WHAT IS EXPECTED
Write the data out in full and word for word. Do not include images.

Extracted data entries
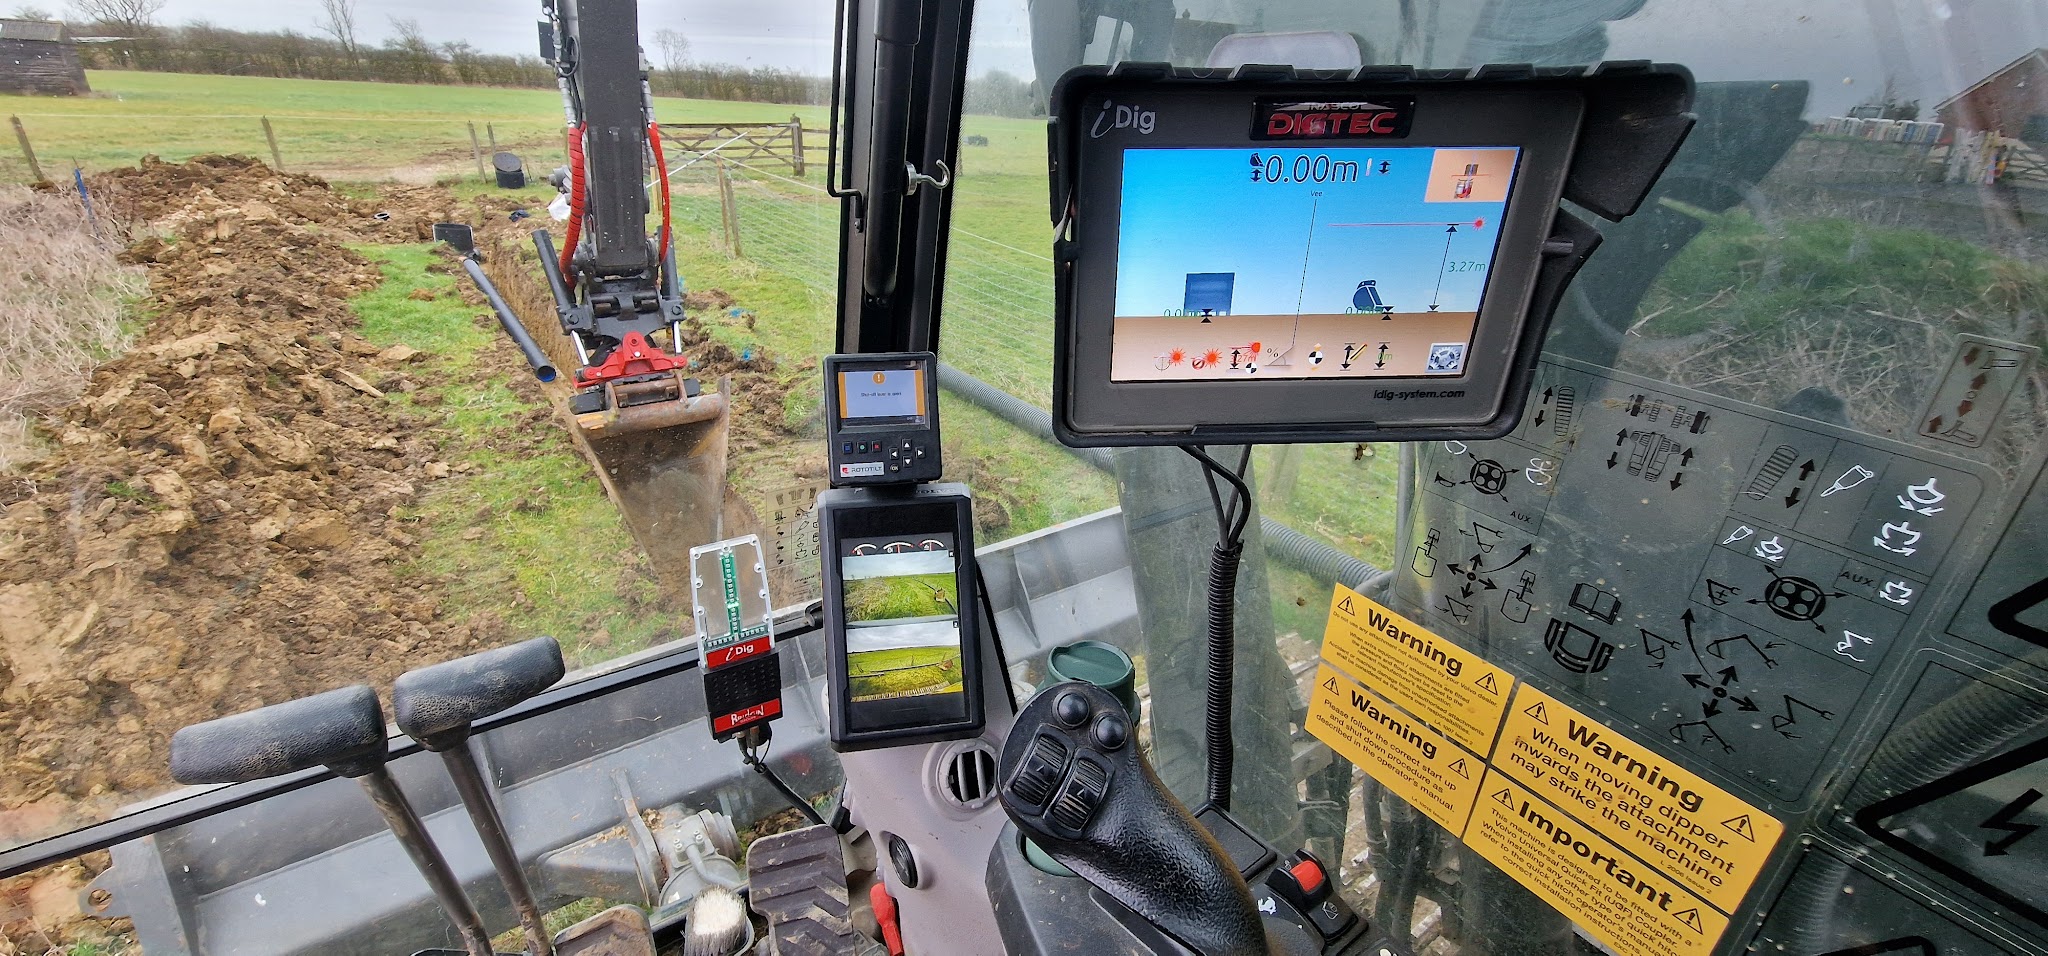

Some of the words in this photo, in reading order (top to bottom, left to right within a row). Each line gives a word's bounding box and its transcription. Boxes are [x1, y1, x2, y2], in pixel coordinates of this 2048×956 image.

[1265, 154, 1359, 184] 0.00m
[1267, 112, 1398, 135] DIGTEC
[1448, 261, 1486, 273] 3.27m
[1368, 607, 1463, 677] Warning
[1316, 714, 1353, 742] described
[1362, 744, 1376, 758] the
[1376, 756, 1419, 788] operator's
[1420, 785, 1455, 813] manual.
[1324, 698, 1349, 720] Please
[1350, 716, 1374, 736] follow
[1375, 732, 1389, 746] the
[1389, 744, 1421, 767] correct
[1421, 764, 1443, 782] start
[1444, 779, 1457, 791] up
[1329, 713, 1345, 727] and
[1345, 724, 1363, 739] shut
[1363, 736, 1386, 755] down
[1386, 752, 1431, 785] procedure
[1432, 782, 1444, 794] as
[1351, 689, 1438, 760] Warning
[1568, 718, 1704, 813] Warning
[1510, 752, 1546, 779] may
[1548, 776, 1601, 810] strike
[1601, 806, 1631, 831] the
[1635, 829, 1723, 887] machine
[1514, 735, 1580, 782] inwards
[1584, 777, 1613, 804] the
[1617, 797, 1735, 875] attachment
[1532, 727, 1580, 765] When
[1583, 761, 1654, 809] moving
[1658, 805, 1729, 849] dipper
[1480, 830, 1500, 845] refer
[1510, 850, 1525, 863] the
[1525, 861, 1551, 882] quick
[1551, 878, 1575, 898] hitch
[1575, 896, 1625, 933] operator's
[1482, 820, 1506, 841] When
[1506, 837, 1545, 869] installing
[1546, 866, 1564, 880] any
[1564, 878, 1590, 897] other
[1590, 895, 1613, 914] type
[1614, 913, 1626, 923] of
[1626, 921, 1657, 944] quick
[1656, 941, 1682, 956] hitc
[1491, 807, 1508, 824] This
[1509, 821, 1547, 849] machine
[1557, 853, 1602, 886] designed
[1602, 882, 1613, 894] to
[1614, 890, 1629, 904] be
[1630, 901, 1658, 923] fitted
[1660, 921, 1683, 941] with
[1495, 819, 1517, 839] Volvo
[1518, 836, 1560, 868] Universal
[1560, 865, 1588, 887] Quick
[1589, 884, 1603, 898] Fit
[1634, 915, 1678, 949] Coupler.
[1502, 855, 1533, 879] correct
[1533, 875, 1582, 913] installation
[1518, 800, 1673, 913] Important

EXERCISE RESULT
Some of the words in this photo, in reading order (top to bottom, left to right within a row). Each line gives a word's bounding box and its transcription. Boxes are [x1, y1, x2, y2], in pixel coordinates of this 2048×956 image.

[1265, 154, 1359, 184] 0.00m
[1267, 112, 1398, 135] DIGTEC
[1448, 261, 1486, 273] 3.27m
[1368, 607, 1463, 677] Warning
[1316, 714, 1353, 742] described
[1362, 744, 1376, 758] the
[1376, 756, 1419, 788] operator's
[1420, 785, 1455, 813] manual.
[1324, 698, 1349, 720] Please
[1350, 716, 1374, 736] follow
[1375, 732, 1389, 746] the
[1389, 744, 1421, 767] correct
[1421, 764, 1443, 782] start
[1444, 779, 1457, 791] up
[1329, 713, 1345, 727] and
[1345, 724, 1363, 739] shut
[1363, 736, 1386, 755] down
[1386, 752, 1431, 785] procedure
[1432, 782, 1444, 794] as
[1351, 689, 1438, 760] Warning
[1568, 718, 1704, 813] Warning
[1510, 752, 1546, 779] may
[1548, 776, 1601, 810] strike
[1601, 806, 1631, 831] the
[1635, 829, 1723, 887] machine
[1514, 735, 1580, 782] inwards
[1584, 777, 1613, 804] the
[1617, 797, 1735, 875] attachment
[1532, 727, 1580, 765] When
[1583, 761, 1654, 809] moving
[1658, 805, 1729, 849] dipper
[1480, 830, 1500, 845] refer
[1510, 850, 1525, 863] the
[1525, 861, 1551, 882] quick
[1551, 878, 1575, 898] hitch
[1575, 896, 1625, 933] operator's
[1482, 820, 1506, 841] When
[1506, 837, 1545, 869] installing
[1546, 866, 1564, 880] any
[1564, 878, 1590, 897] other
[1590, 895, 1613, 914] type
[1614, 913, 1626, 923] of
[1626, 921, 1657, 944] quick
[1656, 941, 1682, 956] hitc
[1491, 807, 1508, 824] This
[1509, 821, 1547, 849] machine
[1557, 853, 1602, 886] designed
[1602, 882, 1613, 894] to
[1614, 890, 1629, 904] be
[1630, 901, 1658, 923] fitted
[1660, 921, 1683, 941] with
[1495, 819, 1517, 839] Volvo
[1518, 836, 1560, 868] Universal
[1560, 865, 1588, 887] Quick
[1589, 884, 1603, 898] Fit
[1634, 915, 1678, 949] Coupler.
[1502, 855, 1533, 879] correct
[1533, 875, 1582, 913] installation
[1518, 800, 1673, 913] Important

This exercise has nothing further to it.